Introduction- Brain tumor detection project This project comprises a program that gets a mind Magnetic Resonance Image (MRI) and gives a finding that can be the presence or not of a tumor in that cerebrum. Why this task? In clinical analysis, checking mind tumors among a lot of MRI pictures, as a rule, take specialists much time. For instance, in tests of this undertaking, a patient has around 200 MRI pictures, however, tumor tissues just show up in 15 pictures. Thusly, this venture intends to naturally recognize tumor tissues in a huge measure of MRI picture information. Our objectives: 1) naturally, recognize if tumor tissue shows up in the MRI picture 2) automatical mind tumor division in MRI picture The outcome when we give a picture to the program is a likelihood that the cerebrum contains a tumor, so we could organize the patients which attractive reverberation have higher probabilities to have one, and treat them first. Another objective could be to move the obligation of seeing these pictures from the specialists to the machine, which in the long run could have a greater ability of location, as it has learned by viewing an enormous amount of pictures knowing their genuine finding. This would be an away form of collaboration among people and machines. The dataset The dataset utilized in the task is a lot of pictures with and without tumors, from which we know the genuine finding. You can discover it here: https://www.kaggle.com/navoneel/brain-mri-images-for-brain-tumor-detection Data Preprocessing 1. First, we needed to do some picture preparing, and afterward pass 80% of these pictures to a neural organization, cause it to learn and be fit for making a precise finding of another picture. 2. The other 20% of the pictures are utilized to test the model. We will contrast their genuine finding with the one that the model gives, to perceive how it performs.
senagulhan
No description available
AndersonOliveiraDaRocha
Oil Analysis with Gap Minder DataSet
No description available
This repository includes the relevant files for Gap Minder Dataset Investigation, which is submitted and accepted for the 2nd project of Udacity's Professional Data Analysis Nanodegree Program.
om-okg
A Data Analysis project on AMCAT dataset.
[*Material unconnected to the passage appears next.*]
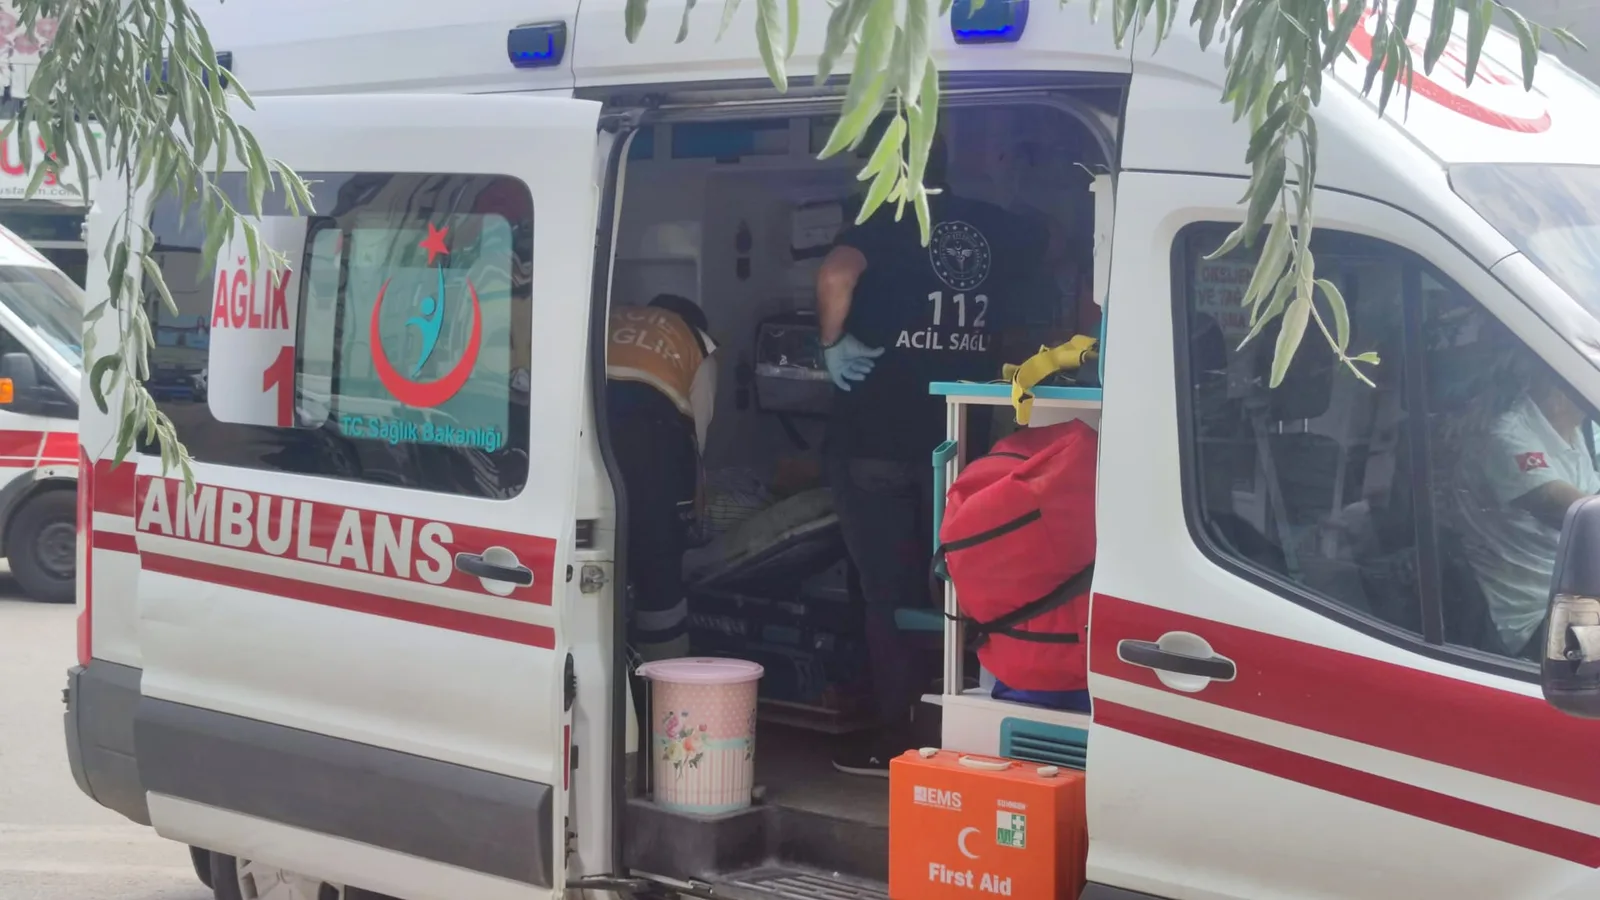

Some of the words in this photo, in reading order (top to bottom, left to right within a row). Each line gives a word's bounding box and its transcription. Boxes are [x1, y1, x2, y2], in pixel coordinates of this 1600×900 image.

The dataset was released by Aspiring Minds from the Aspiring Mind Employment Outcome 2015 (AMEO
everymind
Instructions and code for re-creating analysis done on the Surprising Minds at Sea Life Brighton dataset
JureSindi
News recommendation system using GRU-enhanced DKN models with fairness and bias analysis on the MIND dataset.
NSafarian
This repo contains files associated with weighted gene correlation network analysis (WGCNA) on "Common Mind Consortium (CMC)" datasets.
anniechiennn
Performing analysis of the MIND dataset and building NLP model to create a news recommendation system and deliver content personalization.
KonankiSaiCharan
Did behavioral analysis on young minds dataset to understand the impact of spending patterns, Place of birth on how happy a person is
sachoumdh
A Jupyter Notebook and a CSV dataset used for practicing data analysis with Python and Pandas. It includes exercises on dataset exploration, handling missing values, removing duplicates, and filtering information from the Open Minds Club members dataset.
Tulsani
Principal Component Analysis of data set to reduce dimensionality of the data set to easily observe trends in dataset . Princiapl components choosen keeping higest varience in mind
Welcome to the GitHub repository for my exploratory data analysis (EDA) project focused on the Aspiring Minds Employability Outcomes dataset from 2015. In this repository, you will find a comprehensive analysis of this unique dataset, along with the code, visualizations, and insights gained from the exploration.
EvgenieTiv
Exploratory and statistical analysis of the *Healthy Minds Study* dataset, focused on depression predictors among U.S. students. Includes preprocessing, visualization, hypothesis testing, and cross-validation of statistical findings.
akashmoses97
A structural and modeling study of large-scale news recommendation systems using the MIND dataset. This is a course-based project of CSCE-676 : Data Mining & analysis @ Texas A&M University
HLovisiEnnes
Here there are some useful stuff I have written to work on topological data analysis. Some of the code was developed with specific datasets in mind, but most should generalize well.